Everett lived with McKendrick at her row house in South Philadelphia. She was married but separated. McKendrick, a mother of two, left her husband of almost three years in 1974 and started dating Everett the following year.

McKendrick was seen leaving her house with Price shortly after the murder.

A warrant was issued for McKendrick's arrest, and she went to police headquarters with her attorney and turned herself in on May 31. She was charged with murder, possession of an instrument of crime, and possession of heroin.

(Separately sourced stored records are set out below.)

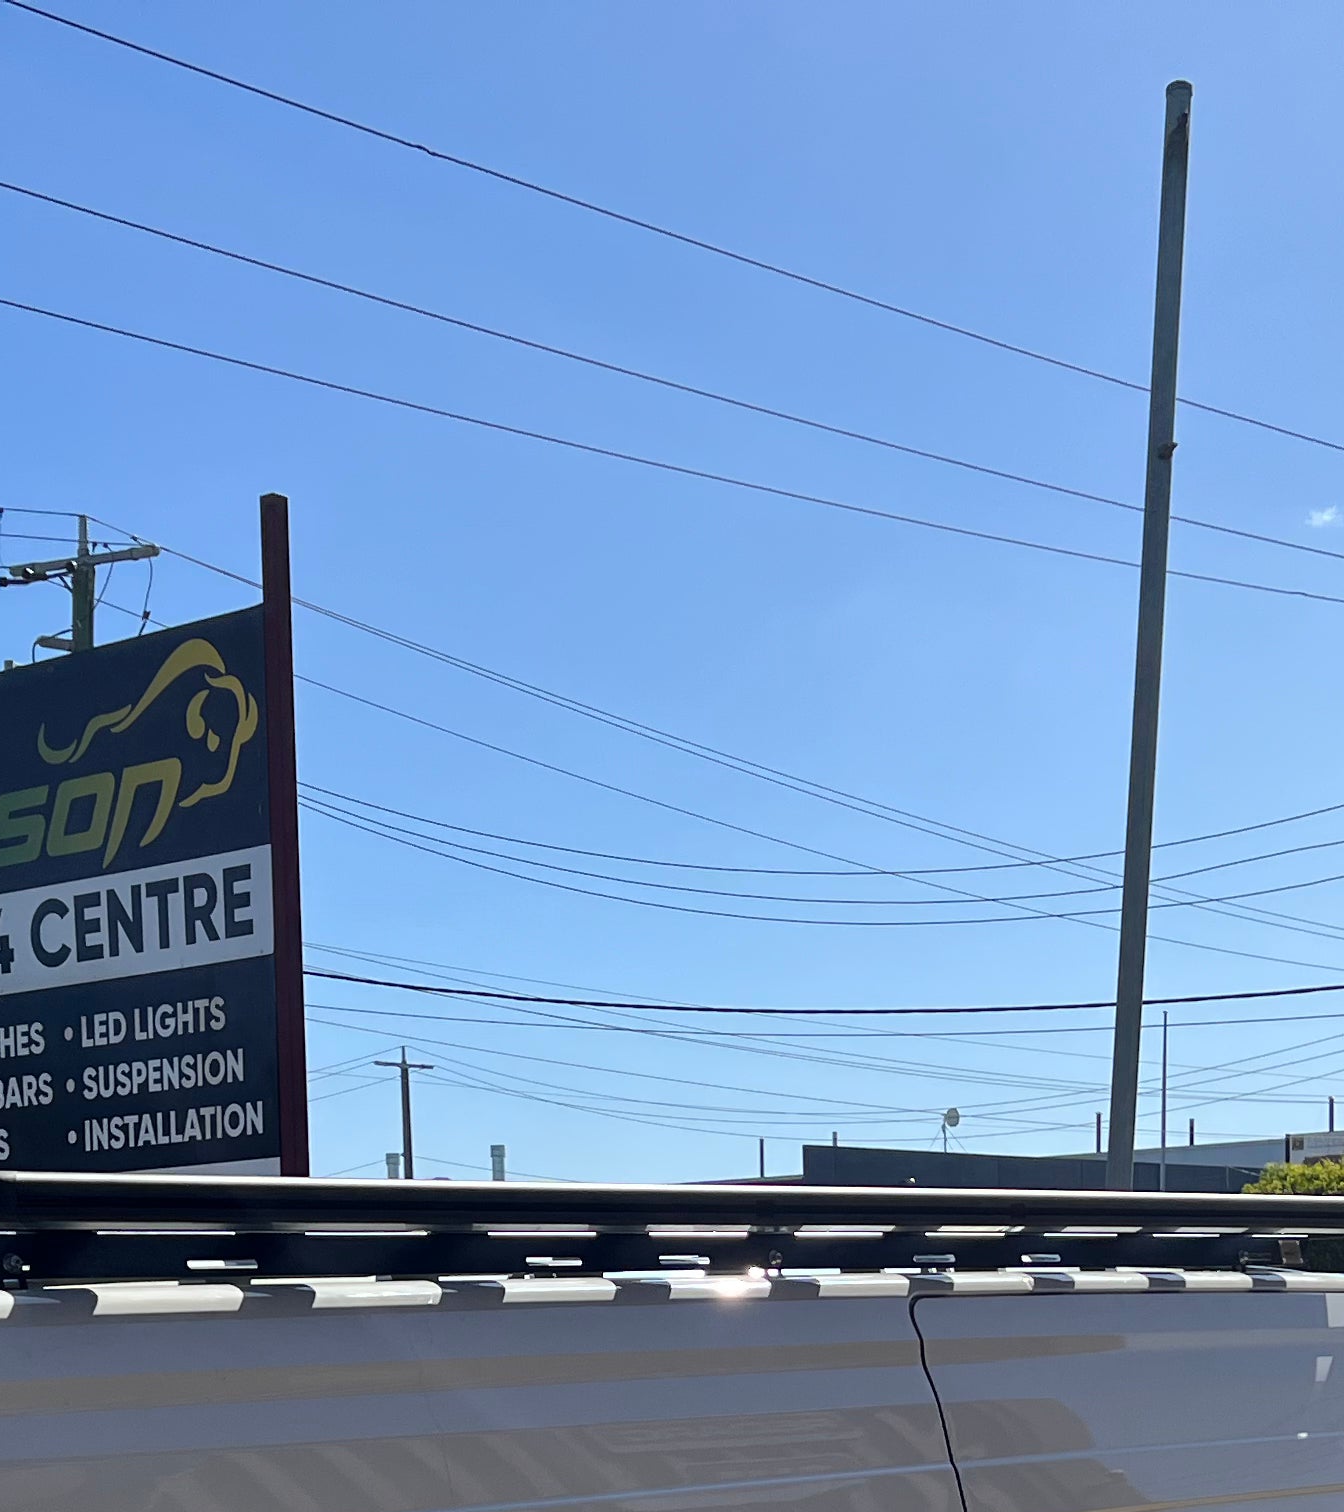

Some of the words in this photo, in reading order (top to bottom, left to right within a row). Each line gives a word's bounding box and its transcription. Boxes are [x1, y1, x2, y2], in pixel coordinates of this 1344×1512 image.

[30, 863, 254, 968] CENTRE
[81, 1011, 127, 1048] LED
[134, 996, 226, 1041] LIGHTS
[82, 1048, 244, 1100] SUSPENSION
[84, 1100, 264, 1152] INSTALLATION

At the time of her arrest, McKendrick was free on probation following convictions the previous year on weapons and narcotics charges and for receiving stolen property.

Price agreed to testify against McKendrick under a grant of immunity.

During her trial, McKendrick testified that she came home earlier than expected on May 26 after helping her sister with an errand and found the door locked by a chain. "When Tyrone finally came to the door, there was sweat on his face, he was stuttering and his voice was nervous," she said. "I followed him upstairs, noticed the bed was a mess and saw some keys and change on the floor. But Tyrone denied anyone else was in the house. But I found Price hiding in my children's bedroom."

She told the court that she felt threatened when Everett raised his hand and moved toward her. McKendrick said she picked up his gun, which was on a chest of drawers, fired once and ran from the room. "I didn't know the shot had hit Tyrone," she testified. "I thought he was still coming at me."

McKendrick said she feared Everett because he regularly beat her. "He beat me at least once every two weeks," she testified, "and the beatings became more severe as he got more prominent in the ring."

The prosecution argued that McKendrick shot Everett out of anger when he refused to answer questions about who had been in the rumpled bed with him.

Price showed up in court wearing women's clothes, earrings and artificial breasts. Speaking in a high feminine voice, he testified that he sold drugs for Everett and McKendrick, who denied any involvement with drugs.

Price denied defense charges that he had been sexually involved with Everett, but he told the court that he knew four homosexuals who said they'd had sexual relationships with Everett.

He further testified that Everett taunted McKendrick and tried to strike her before he was shot, but Price placed himself between them. He told the jury that McKendrick hit him on the head with the gun and then pointed it at Everett.

On December 2, 1977, McKendrick was convicted of third-degree murder and possession of an instrument of crime, but she was acquitted on the charge of heroin possession. A jury of eight men and four women deliberated for 2½ hours before reaching the decision. On June 28, 1979, she was sentenced to five-to-ten years in prison.

==Grave==
Everett, who had four children before he died and another one after his death, was buried in an unmarked grave at Eden Cemetery in Collingdale, Pennsylvania.

John DiSanto, a fight fan who grew up in Philadelphia, went to Eden Cemetery in 2005 to pay his respects at Everett's grave. "But I couldn't find his grave," DiSanto said. "Then I saw there was no stone or marker where he was buried, just grass. I was struck by his story and had been doing a website devoted to Philadelphia boxing history for about a year. I thought this would just be an extension of what I was doing — honoring these guys with something worth caring about."

DiSanto's website, PhillyBoxingHistory.com, established a program dedicated to placing headstones on the unmarked graves of Philadelphia boxers. Everett was the first honoree.

On December 10, 2005, members of Everett's family — his mother, Doris, and his brothers, Mike and Eddie — were on hand for the placement of Everett's headstone.